Book Read Free

Paper Valentine

Page 17

by Brenna Yovanoff


  Still, I can’t help thinking that she kind of has a point.

  “We want to go for ice cream,” Pinky says after they go through the cards a few times, slumping against my knees. “Will you take us to Dairy Queen?”

  “I can’t,” I tell her, giving her a mock sad look that is also a real apology. “I’m grounded, remember?”

  “Please,” Ariel says from the floor, lying prostrate at my feet. “Please just ask? Maybe she’ll let you go since it’s not really as good as being ungrounded. You’ll just be with us.”

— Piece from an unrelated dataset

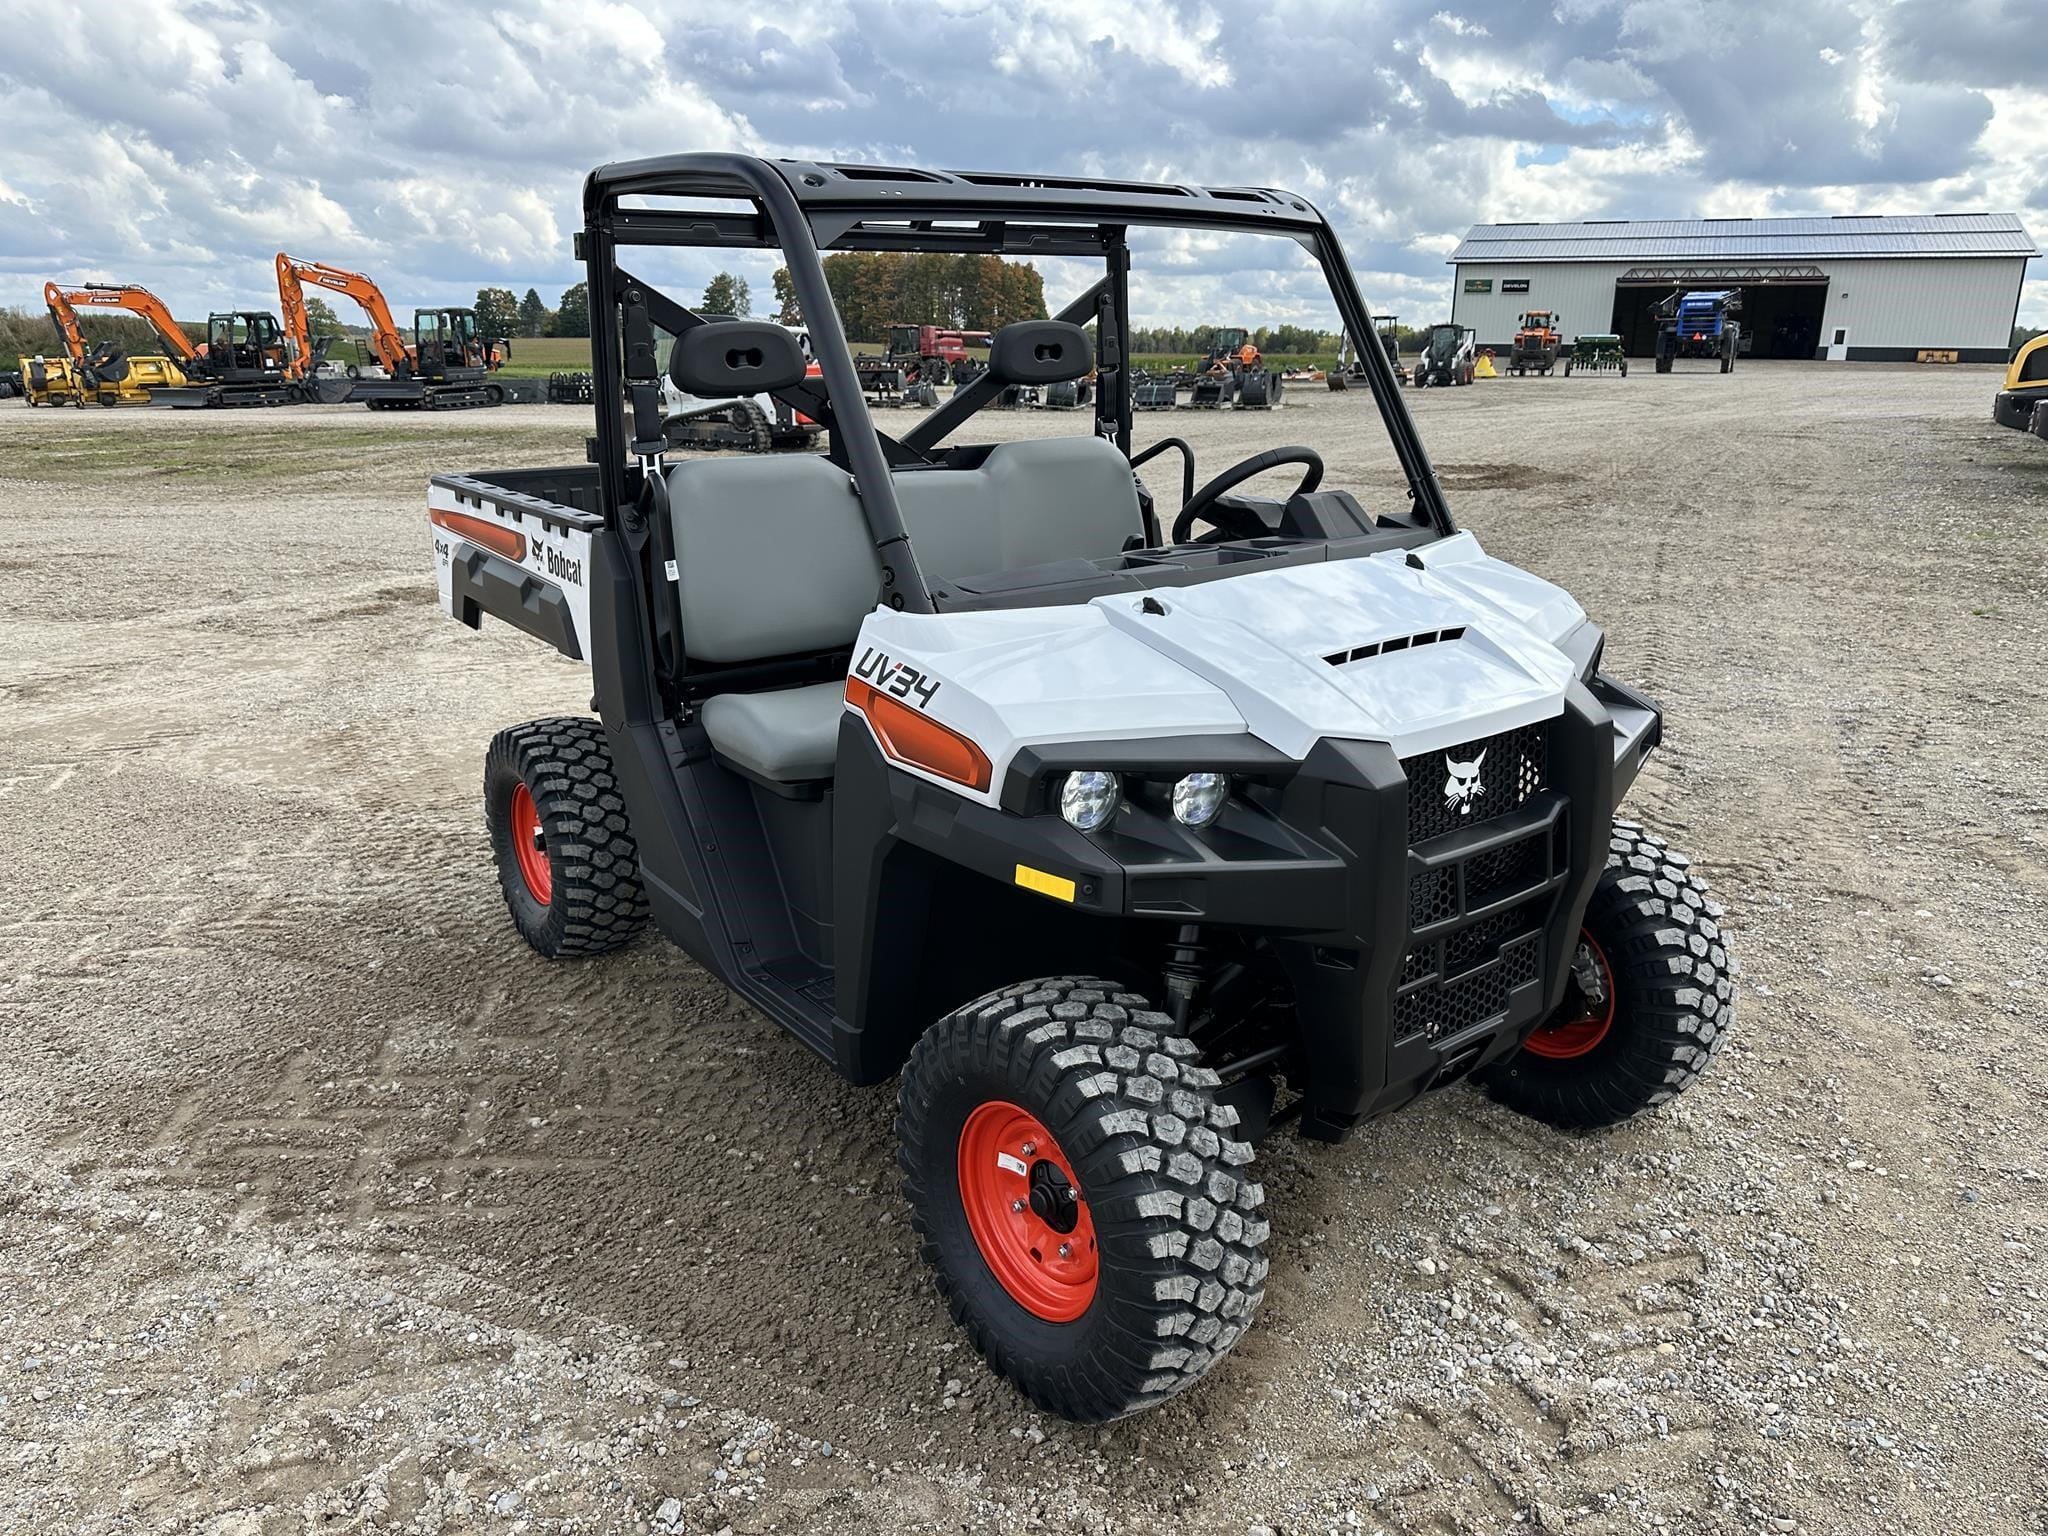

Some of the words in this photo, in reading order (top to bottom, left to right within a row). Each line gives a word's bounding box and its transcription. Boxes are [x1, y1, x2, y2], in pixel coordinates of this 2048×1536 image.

  Her voice isn’t shrill or overly dramatic. Not like normal Ariel, but more like she’s just asking for a favor, hoping for me to say yes. It’s weird, but the way she sounds reminds me of a conversation last winter, when everything seemed like it was never going to melt or thaw out. Like I would never feel warm or okay again.

  * * *

  We were all in the kitchen. Decker and my mom were making herbed roast beef with popovers, and Ariel was at the table doing her homework. I was sitting across from her with my notes spread out but not studying. I was flipping through my German book, pretending to memorize the unit vocabulary but at the same time, I wasn’t really doing anything. It was six weeks after Lillian died, and I still spent every day feeling like I was floating in midair and this was all just a long, ugly dream.

  My mom was mixing the popover batter and talking quickly, in time to the rhythm of the stirring. The wire whisk clinked against the bowl. She was talking about me.

  “I just don’t know—she keeps saying she’s fine, and what kind of things should we even be looking for? Her grades are okay. I mean, what am I supposed to do?”

  “Mom,” Ariel said from the kitchen table, but my mom didn’t answer.

  She just kept right on worrying to Decker, talking about me like she was alone in the room. Like I was some other species.

  “Mom!”

  “And she keeps up with school and chores and never gives anyone any trouble. She’s so good at coping with things, at adjusting.”

  Ariel stood up from the table and slammed her geography book shut. “Mom. If Hannah was on fire, she would still say she’s okay.”

  I think of this and how my mom spent all those months hovering over me, like she was so determined to do whatever she thought I needed, but Ariel was the one who actually just let me be sad, because she was the only one who understood that sometimes that’s the only thing you can be. My mom wanted me to go back to the girl I’d been before—the one who was never any trouble. Ariel was the one who wanted me to get better.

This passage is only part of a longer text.